DATA UNDER STUDY section start
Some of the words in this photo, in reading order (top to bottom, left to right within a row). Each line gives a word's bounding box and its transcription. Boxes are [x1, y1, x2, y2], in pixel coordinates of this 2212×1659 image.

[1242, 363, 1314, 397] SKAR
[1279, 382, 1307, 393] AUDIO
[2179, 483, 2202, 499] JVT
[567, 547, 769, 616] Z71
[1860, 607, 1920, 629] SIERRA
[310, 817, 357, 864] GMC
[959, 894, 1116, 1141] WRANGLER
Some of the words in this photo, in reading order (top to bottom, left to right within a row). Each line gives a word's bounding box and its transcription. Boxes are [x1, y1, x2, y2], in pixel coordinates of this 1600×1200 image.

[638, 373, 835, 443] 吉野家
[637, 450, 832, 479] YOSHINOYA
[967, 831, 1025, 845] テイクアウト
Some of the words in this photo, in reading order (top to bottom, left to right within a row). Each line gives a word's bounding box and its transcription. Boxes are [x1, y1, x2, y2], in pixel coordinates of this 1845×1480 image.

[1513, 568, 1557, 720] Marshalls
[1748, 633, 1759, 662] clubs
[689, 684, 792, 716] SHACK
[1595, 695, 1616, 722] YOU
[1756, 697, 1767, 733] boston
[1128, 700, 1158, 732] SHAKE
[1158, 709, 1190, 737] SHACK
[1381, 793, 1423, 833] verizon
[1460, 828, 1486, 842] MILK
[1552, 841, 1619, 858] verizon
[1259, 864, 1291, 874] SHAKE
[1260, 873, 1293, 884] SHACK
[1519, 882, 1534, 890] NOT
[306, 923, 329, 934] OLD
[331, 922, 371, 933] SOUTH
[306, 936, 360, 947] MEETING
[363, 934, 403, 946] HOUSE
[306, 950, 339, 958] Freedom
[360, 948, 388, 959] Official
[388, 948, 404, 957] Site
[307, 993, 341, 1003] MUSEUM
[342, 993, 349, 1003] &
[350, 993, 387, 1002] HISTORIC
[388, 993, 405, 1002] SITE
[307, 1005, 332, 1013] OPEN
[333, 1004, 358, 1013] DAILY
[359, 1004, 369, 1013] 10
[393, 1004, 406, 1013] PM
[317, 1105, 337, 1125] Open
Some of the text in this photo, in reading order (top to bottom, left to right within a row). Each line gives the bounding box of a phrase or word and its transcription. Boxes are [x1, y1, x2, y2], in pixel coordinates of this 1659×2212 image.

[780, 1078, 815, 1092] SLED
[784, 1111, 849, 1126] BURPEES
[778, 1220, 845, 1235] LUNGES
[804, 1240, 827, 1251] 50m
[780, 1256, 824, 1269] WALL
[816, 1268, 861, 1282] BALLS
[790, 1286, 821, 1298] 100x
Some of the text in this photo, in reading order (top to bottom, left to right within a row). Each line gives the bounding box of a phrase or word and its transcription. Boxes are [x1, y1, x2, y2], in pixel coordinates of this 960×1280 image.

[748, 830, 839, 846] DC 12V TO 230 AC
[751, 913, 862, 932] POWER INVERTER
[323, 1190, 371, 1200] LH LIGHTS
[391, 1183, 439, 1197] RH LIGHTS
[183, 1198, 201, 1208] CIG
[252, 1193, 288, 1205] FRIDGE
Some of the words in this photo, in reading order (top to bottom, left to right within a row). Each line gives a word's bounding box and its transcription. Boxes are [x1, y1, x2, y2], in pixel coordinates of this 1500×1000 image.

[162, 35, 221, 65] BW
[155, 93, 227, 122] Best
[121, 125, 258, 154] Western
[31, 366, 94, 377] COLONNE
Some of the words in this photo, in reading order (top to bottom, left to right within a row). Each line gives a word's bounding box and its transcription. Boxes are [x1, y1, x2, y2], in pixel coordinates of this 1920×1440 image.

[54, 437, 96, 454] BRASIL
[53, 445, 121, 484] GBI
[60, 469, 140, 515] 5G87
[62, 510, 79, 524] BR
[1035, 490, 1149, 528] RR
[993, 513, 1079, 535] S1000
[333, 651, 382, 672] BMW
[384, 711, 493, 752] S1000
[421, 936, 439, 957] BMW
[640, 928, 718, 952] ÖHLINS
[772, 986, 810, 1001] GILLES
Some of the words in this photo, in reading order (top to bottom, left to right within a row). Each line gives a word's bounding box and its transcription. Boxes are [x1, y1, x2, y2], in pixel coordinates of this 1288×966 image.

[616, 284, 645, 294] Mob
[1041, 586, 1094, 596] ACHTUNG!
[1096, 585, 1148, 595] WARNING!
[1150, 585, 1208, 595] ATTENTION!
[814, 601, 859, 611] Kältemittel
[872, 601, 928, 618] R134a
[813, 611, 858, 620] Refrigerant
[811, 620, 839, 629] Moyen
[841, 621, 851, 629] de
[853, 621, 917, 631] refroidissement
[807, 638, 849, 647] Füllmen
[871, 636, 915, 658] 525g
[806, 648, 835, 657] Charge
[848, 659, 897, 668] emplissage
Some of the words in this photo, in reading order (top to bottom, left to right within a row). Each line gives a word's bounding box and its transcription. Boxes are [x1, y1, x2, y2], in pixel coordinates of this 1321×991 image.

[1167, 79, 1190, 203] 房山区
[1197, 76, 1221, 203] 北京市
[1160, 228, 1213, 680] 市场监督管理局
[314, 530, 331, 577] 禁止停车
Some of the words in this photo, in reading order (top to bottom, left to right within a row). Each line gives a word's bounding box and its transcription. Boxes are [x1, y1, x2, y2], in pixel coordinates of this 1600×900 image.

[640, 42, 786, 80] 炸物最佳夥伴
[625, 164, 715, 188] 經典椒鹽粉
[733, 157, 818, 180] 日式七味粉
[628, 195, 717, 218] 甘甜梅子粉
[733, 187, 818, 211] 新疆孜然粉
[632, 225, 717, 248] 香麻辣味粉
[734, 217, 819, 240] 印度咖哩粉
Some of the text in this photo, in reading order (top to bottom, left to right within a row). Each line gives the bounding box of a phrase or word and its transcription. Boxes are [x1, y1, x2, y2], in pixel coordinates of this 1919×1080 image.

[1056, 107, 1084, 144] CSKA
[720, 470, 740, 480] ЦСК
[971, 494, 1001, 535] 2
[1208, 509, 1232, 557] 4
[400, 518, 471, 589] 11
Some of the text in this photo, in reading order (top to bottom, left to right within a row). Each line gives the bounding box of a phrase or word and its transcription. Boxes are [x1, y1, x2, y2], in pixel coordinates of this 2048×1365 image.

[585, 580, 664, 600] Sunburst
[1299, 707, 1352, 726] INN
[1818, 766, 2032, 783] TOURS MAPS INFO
DATA UNDER STUDY section end
■ **WHAT YOU WILL DO**
What is needed is a word-for-word copy of the records.

■ **REPLY**
Some of the words in this photo, in reading order (top to bottom, left to right within a row). Each line gives a word's bounding box and its transcription. Boxes are [x1, y1, x2, y2], in pixel coordinates of this 2212×1659 image.

[1242, 363, 1314, 397] SKAR
[1279, 382, 1307, 393] AUDIO
[2179, 483, 2202, 499] JVT
[567, 547, 769, 616] Z71
[1860, 607, 1920, 629] SIERRA
[310, 817, 357, 864] GMC
[959, 894, 1116, 1141] WRANGLER
Some of the words in this photo, in reading order (top to bottom, left to right within a row). Each line gives a word's bounding box and its transcription. Boxes are [x1, y1, x2, y2], in pixel coordinates of this 1600×1200 image.

[638, 373, 835, 443] 吉野家
[637, 450, 832, 479] YOSHINOYA
[967, 831, 1025, 845] テイクアウト
Some of the words in this photo, in reading order (top to bottom, left to right within a row). Each line gives a word's bounding box and its transcription. Boxes are [x1, y1, x2, y2], in pixel coordinates of this 1845×1480 image.

[1513, 568, 1557, 720] Marshalls
[1748, 633, 1759, 662] clubs
[689, 684, 792, 716] SHACK
[1595, 695, 1616, 722] YOU
[1756, 697, 1767, 733] boston
[1128, 700, 1158, 732] SHAKE
[1158, 709, 1190, 737] SHACK
[1381, 793, 1423, 833] verizon
[1460, 828, 1486, 842] MILK
[1552, 841, 1619, 858] verizon
[1259, 864, 1291, 874] SHAKE
[1260, 873, 1293, 884] SHACK
[1519, 882, 1534, 890] NOT
[306, 923, 329, 934] OLD
[331, 922, 371, 933] SOUTH
[306, 936, 360, 947] MEETING
[363, 934, 403, 946] HOUSE
[306, 950, 339, 958] Freedom
[360, 948, 388, 959] Official
[388, 948, 404, 957] Site
[307, 993, 341, 1003] MUSEUM
[342, 993, 349, 1003] &
[350, 993, 387, 1002] HISTORIC
[388, 993, 405, 1002] SITE
[307, 1005, 332, 1013] OPEN
[333, 1004, 358, 1013] DAILY
[359, 1004, 369, 1013] 10
[393, 1004, 406, 1013] PM
[317, 1105, 337, 1125] Open
Some of the text in this photo, in reading order (top to bottom, left to right within a row). Each line gives the bounding box of a phrase or word and its transcription. Boxes are [x1, y1, x2, y2], in pixel coordinates of this 1659×2212 image.

[780, 1078, 815, 1092] SLED
[784, 1111, 849, 1126] BURPEES
[778, 1220, 845, 1235] LUNGES
[804, 1240, 827, 1251] 50m
[780, 1256, 824, 1269] WALL
[816, 1268, 861, 1282] BALLS
[790, 1286, 821, 1298] 100x
Some of the text in this photo, in reading order (top to bottom, left to right within a row). Each line gives the bounding box of a phrase or word and its transcription. Boxes are [x1, y1, x2, y2], in pixel coordinates of this 960×1280 image.

[748, 830, 839, 846] DC 12V TO 230 AC
[751, 913, 862, 932] POWER INVERTER
[323, 1190, 371, 1200] LH LIGHTS
[391, 1183, 439, 1197] RH LIGHTS
[183, 1198, 201, 1208] CIG
[252, 1193, 288, 1205] FRIDGE
Some of the words in this photo, in reading order (top to bottom, left to right within a row). Each line gives a word's bounding box and its transcription. Boxes are [x1, y1, x2, y2], in pixel coordinates of this 1500×1000 image.

[162, 35, 221, 65] BW
[155, 93, 227, 122] Best
[121, 125, 258, 154] Western
[31, 366, 94, 377] COLONNE
Some of the words in this photo, in reading order (top to bottom, left to right within a row). Each line gives a word's bounding box and its transcription. Boxes are [x1, y1, x2, y2], in pixel coordinates of this 1920×1440 image.

[54, 437, 96, 454] BRASIL
[53, 445, 121, 484] GBI
[60, 469, 140, 515] 5G87
[62, 510, 79, 524] BR
[1035, 490, 1149, 528] RR
[993, 513, 1079, 535] S1000
[333, 651, 382, 672] BMW
[384, 711, 493, 752] S1000
[421, 936, 439, 957] BMW
[640, 928, 718, 952] ÖHLINS
[772, 986, 810, 1001] GILLES
Some of the words in this photo, in reading order (top to bottom, left to right within a row). Each line gives a word's bounding box and its transcription. Boxes are [x1, y1, x2, y2], in pixel coordinates of this 1288×966 image.

[616, 284, 645, 294] Mob
[1041, 586, 1094, 596] ACHTUNG!
[1096, 585, 1148, 595] WARNING!
[1150, 585, 1208, 595] ATTENTION!
[814, 601, 859, 611] Kältemittel
[872, 601, 928, 618] R134a
[813, 611, 858, 620] Refrigerant
[811, 620, 839, 629] Moyen
[841, 621, 851, 629] de
[853, 621, 917, 631] refroidissement
[807, 638, 849, 647] Füllmen
[871, 636, 915, 658] 525g
[806, 648, 835, 657] Charge
[848, 659, 897, 668] emplissage
Some of the words in this photo, in reading order (top to bottom, left to right within a row). Each line gives a word's bounding box and its transcription. Boxes are [x1, y1, x2, y2], in pixel coordinates of this 1321×991 image.

[1167, 79, 1190, 203] 房山区
[1197, 76, 1221, 203] 北京市
[1160, 228, 1213, 680] 市场监督管理局
[314, 530, 331, 577] 禁止停车
Some of the words in this photo, in reading order (top to bottom, left to right within a row). Each line gives a word's bounding box and its transcription. Boxes are [x1, y1, x2, y2], in pixel coordinates of this 1600×900 image.

[640, 42, 786, 80] 炸物最佳夥伴
[625, 164, 715, 188] 經典椒鹽粉
[733, 157, 818, 180] 日式七味粉
[628, 195, 717, 218] 甘甜梅子粉
[733, 187, 818, 211] 新疆孜然粉
[632, 225, 717, 248] 香麻辣味粉
[734, 217, 819, 240] 印度咖哩粉
Some of the text in this photo, in reading order (top to bottom, left to right within a row). Each line gives the bounding box of a phrase or word and its transcription. Boxes are [x1, y1, x2, y2], in pixel coordinates of this 1919×1080 image.

[1056, 107, 1084, 144] CSKA
[720, 470, 740, 480] ЦСК
[971, 494, 1001, 535] 2
[1208, 509, 1232, 557] 4
[400, 518, 471, 589] 11
Some of the text in this photo, in reading order (top to bottom, left to right within a row). Each line gives the bounding box of a phrase or word and its transcription. Boxes are [x1, y1, x2, y2], in pixel coordinates of this 2048×1365 image.

[585, 580, 664, 600] Sunburst
[1299, 707, 1352, 726] INN
[1818, 766, 2032, 783] TOURS MAPS INFO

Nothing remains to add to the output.